Exercise → Here the job is to print all of the entries below verbatim and leave out any picture.

Data for this exercise →
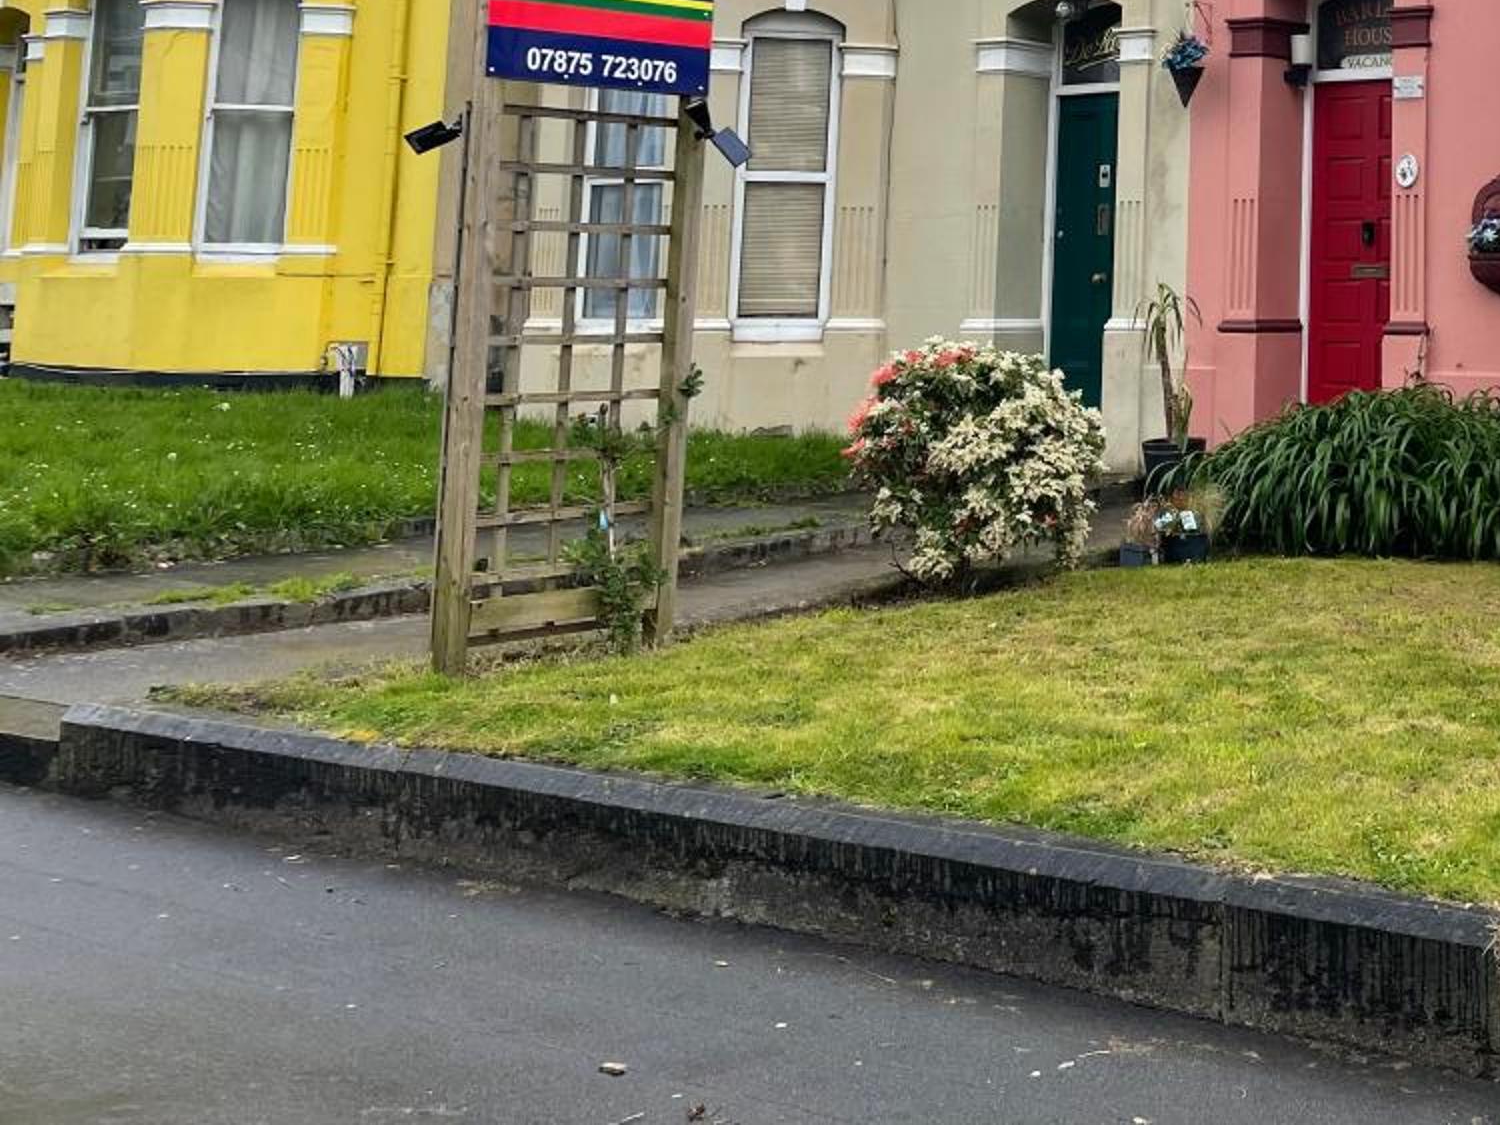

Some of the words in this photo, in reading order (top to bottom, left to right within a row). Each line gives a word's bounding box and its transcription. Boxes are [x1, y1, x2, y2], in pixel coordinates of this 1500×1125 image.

[1336, 0, 1392, 25] BARL
[1345, 26, 1392, 45] HOUS
[527, 47, 593, 75] 07875
[601, 54, 677, 83] 723076

Result below →
Some of the words in this photo, in reading order (top to bottom, left to right within a row). Each line gives a word's bounding box and its transcription. Boxes are [x1, y1, x2, y2], in pixel coordinates of this 1500×1125 image.

[1336, 0, 1392, 25] BARL
[1345, 26, 1392, 45] HOUS
[527, 47, 593, 75] 07875
[601, 54, 677, 83] 723076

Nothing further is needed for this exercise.